Back in November, CNBC had a piece discussing the complaints companies had about their employees' lack of writing ability. The easy thing to blame is "technology," but in the rise of technology and the rise of bad writing habits is a mere positive correlation. The real cause of bad writing habits is the lack of real writing education.
More, our technologies are increasingly text-based. We ironically write each other on our phones more than we call each other. We write emails, we write each other on Facebook, we write blogs -- we write all the time. And we read all the time online as well. That would suggest that we should see improved writing skills. If writing well requires more writing, and people are writing more than ever, we should see writing skills improving.
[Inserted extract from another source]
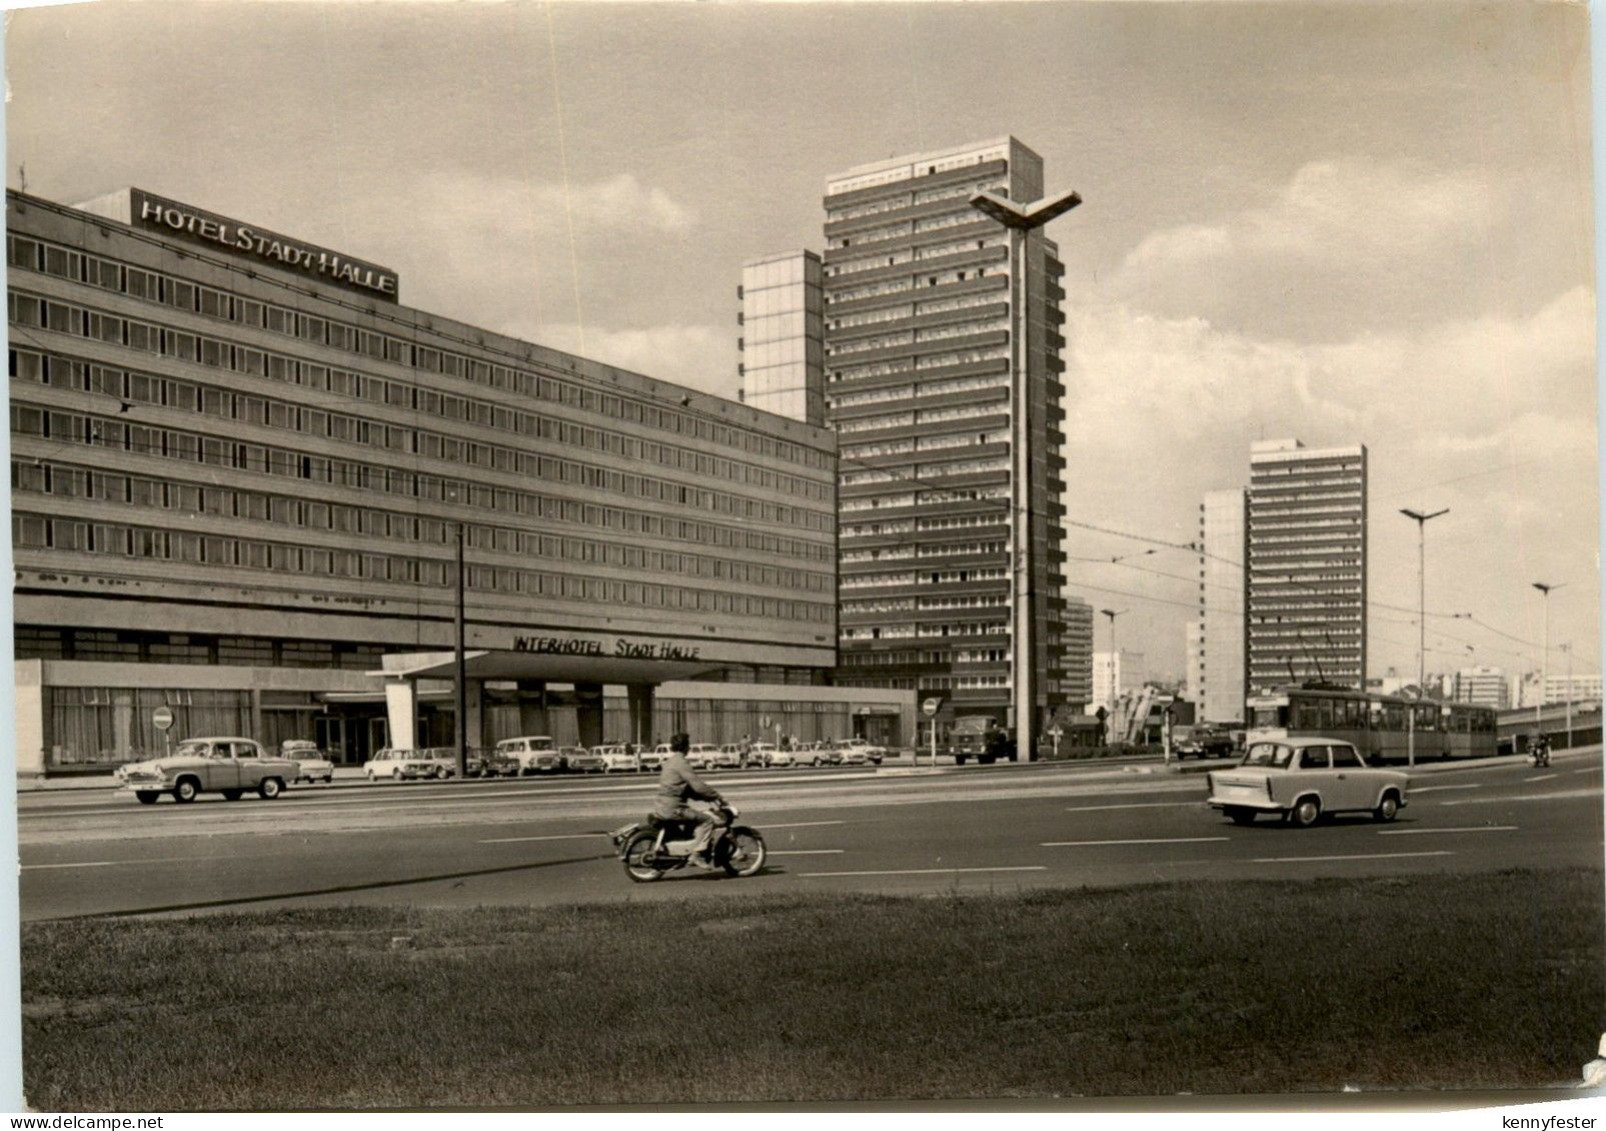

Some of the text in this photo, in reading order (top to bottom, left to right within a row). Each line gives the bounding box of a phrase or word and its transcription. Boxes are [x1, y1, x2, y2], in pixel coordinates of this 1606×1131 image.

[141, 201, 395, 294] HOTEL STADT HALLE
[513, 636, 605, 655] INTERHOTEL
This mystery can be uncovered if we realize that most of the reading done online is skimming rather than close reading. People skim to get the main points, read only a little bit of a piece to get the gist of things, etc. These are not the reading habits that will lead anyone to writing well. To learn to write well, you have to read good writing, and you need to read it carefully. And it needs to be higher than the 5th grade reading level we find in American periodicals (including online periodicals).
More, much of what we read are the posts of friends, who are themselves often bad writers. If you read bad writing, you will turn into a bad writer. A common complaint among university professors is that their own writing gets worse from having to read students' writing. Now imagine what will happen if your writing is already bad. Bad habits get reinforced. This isn't to say that you should defriend all the bad writers you know on Facebook; rather, this means you need to supplement their writing with Herman Melville, Ernest Hemingway, and Shakespeare.
You have to encounter good sentences to learn how to write good sentences. And, if you want to become a truly professional writer, you then have to learn why those good sentences are good sentences -- you have to learn the rules of the game explicitly and not just tacitly. You have to have people explain to you why the good sentences are good sentences. Learning postmodern theory in the university isn't going to do that.